Risk and compliance: Governing responsible AI use

With new technologies come new risks, meaning that privacy issues, ethical dilemmas, cyberthreats and reputational risks demand a robust governance model. This area of AI focus is about creating clear frameworks that comply with laws and regulations and safeguard the trust of customers and stakeholders.

Typically, the following questions fall under the responsibility of the Chief Financial Officer or Chief Risk Officer:

  1. Which compliance framework should we use for global AI compliance?
  2. How do we control risks and protect our reputation when using technologies that lack clear risk & compliance requirements?
  3. How to strike the right balance between risk controls and innovation?
  4. How do we handle privacy and data ethics in AI?
  5. What ethical risk controls do we need to prevent AI from leading to unethical behavior or legal issues?
  6. How do we protect our AI models and data against cyberattacks?
  7. How do we prevent company data used for AI from leaking to third parties?
  8. How do we give confidence to key stakeholders (e.g. supervisory board, shareholders, etc.) that we are in control of AI risks & compliance?
  9. How do we understand and meet regulatory expectations from supervisors on AI and signal that we are in compliance?
  10. What new or additional risks does AI pose to our reputation?

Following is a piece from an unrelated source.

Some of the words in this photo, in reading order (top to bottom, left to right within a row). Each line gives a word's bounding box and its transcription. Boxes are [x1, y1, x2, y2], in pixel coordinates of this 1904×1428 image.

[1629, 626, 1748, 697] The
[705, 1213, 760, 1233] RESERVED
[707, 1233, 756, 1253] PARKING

Technology and implementation: Building a safe and robust AI infrastructure

The technological foundations of AI require a well-thought-out architecture, careful choices when it comes to internal development and external solutions, and an approach that guarantees data quality and reliability. The speed and effectiveness of implementation depend, in part, on how centralised AI capabilities are; big-picture thinking is needed to find opportunities to connect and align for a centralised structure.

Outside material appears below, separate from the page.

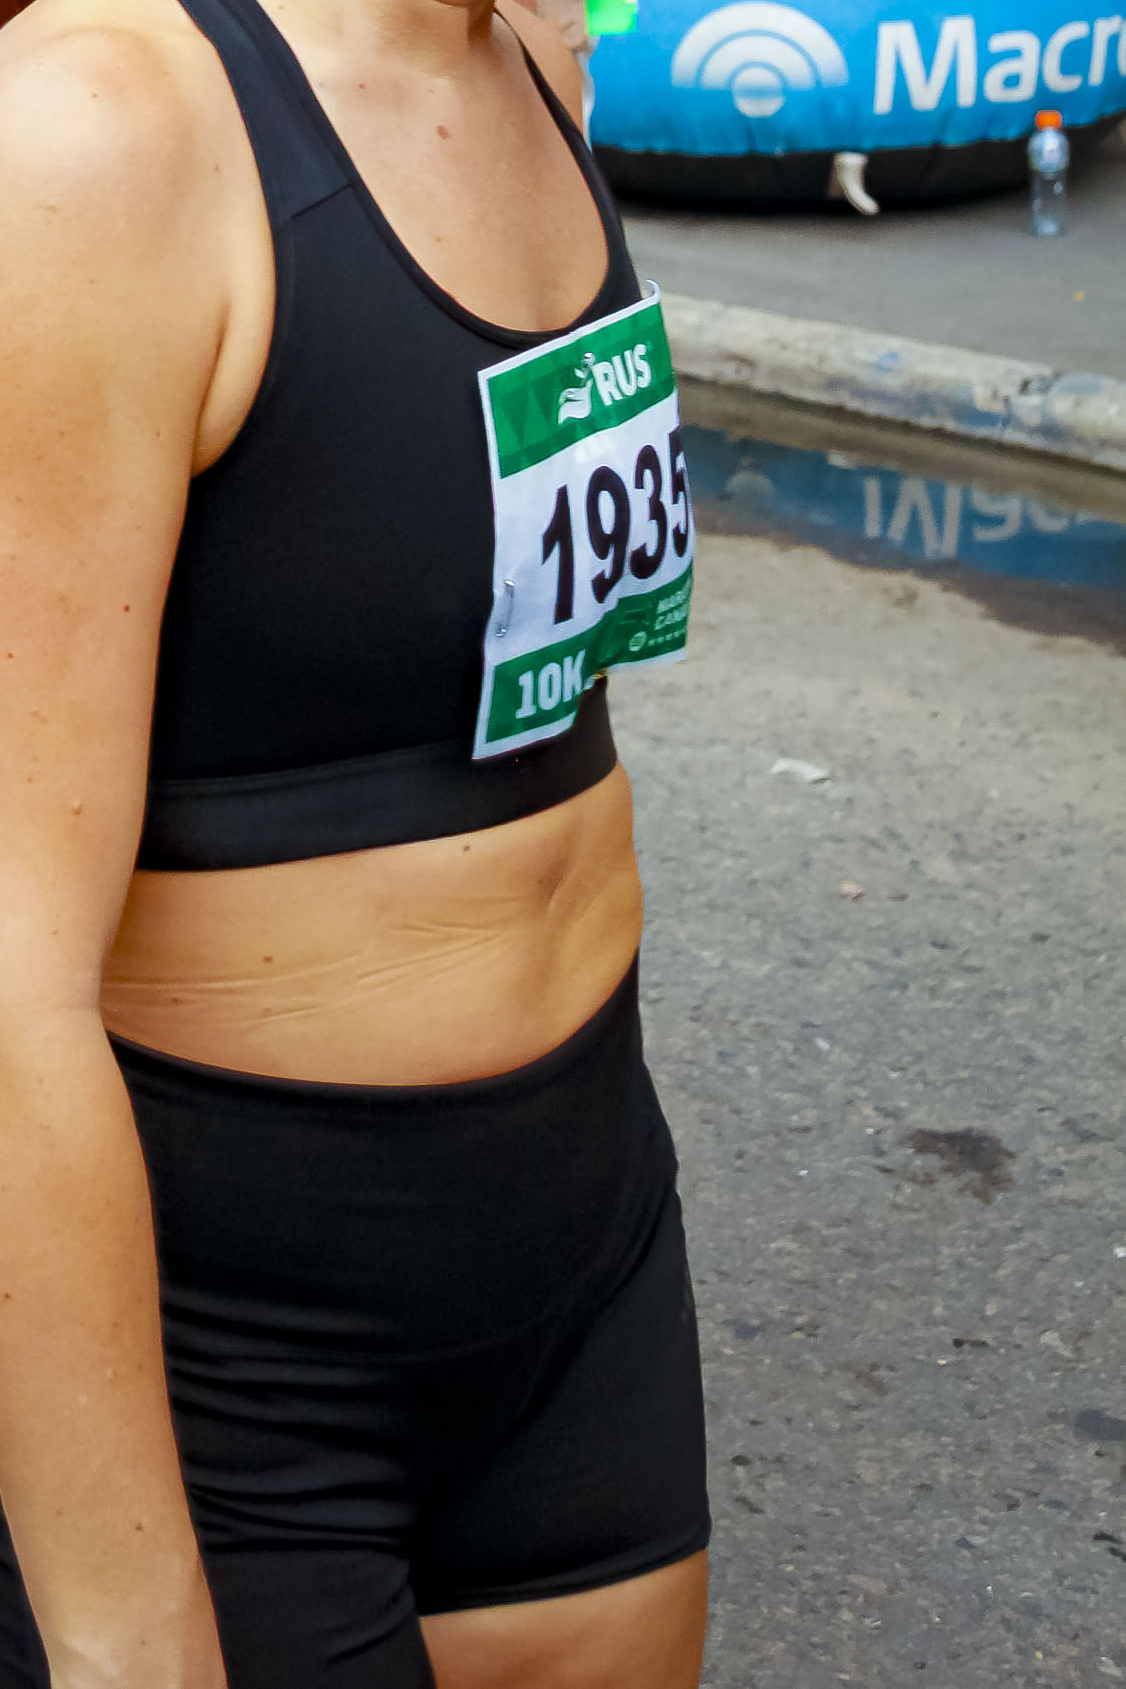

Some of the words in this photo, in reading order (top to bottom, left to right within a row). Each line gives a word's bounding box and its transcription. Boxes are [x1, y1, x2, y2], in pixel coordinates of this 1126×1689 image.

[873, 15, 1126, 116] Macr
[593, 343, 653, 407] RUS
[541, 431, 689, 625] 1935
[515, 649, 586, 719] 10K

Typically, the following questions fall under the responsibility of the Chief Information Officer and Chief Digital Officer:

  1. Which AI technologies and foundational models do we need to deliver the portfolio of value cases that are defined as part of the AI strategy?
  2. How do we ensure the quality and reliability of GenAI technology?
  3. How do we prevent errors, bias and unpredictable behaviour of our AI models?
  4. What infrastructure and technical architecture are required?
  5. Do we need a sovereign cloud to manage our risks?
  6. How do we weigh in-house development versus purchasing off-the-shelf solutions?
  7. How do we organise the delivery of AI solutions?
  8. How do we ensure high quality data and what is the appropriate data governance to enable this?

Ecosystems and partnerships: Keeping AI relevant into the long term

Choosing and applying AI technologies is about discovering the right option for each purpose. But AI innovation rarely occurs in isolation. Building a dynamic ecosystem of partners is essential to maintain continuous access to the latest developments and expertise.

Typically, the following questions fall under the responsibility of the Chief Commercial Officer:

  1. Which AI trends should we monitor now and in the future? 
  2. How do we keep track of the latest developments relevant to our industry and organisation? 
  3. How can we collaborate with startups, knowledge institutions and other partners?

Navigating with confidence

Addressing this comprehensive set of questions – and accepting what it reveals – goes beyond adopting a technological innovation: It’s a navigation guide for an end-to-end business transformation that creates sustainable value and a competitive advantage. It’s also a way to make each C-suite leader aware of the overall vision, and empower them to make aligned decisions to maximize the return on investment.

As a CEO, you can feel confident approaching your board armed with the answers to the strategy-focused questions – a necessary first phase that the rest of the teams can build on when answering their own questions.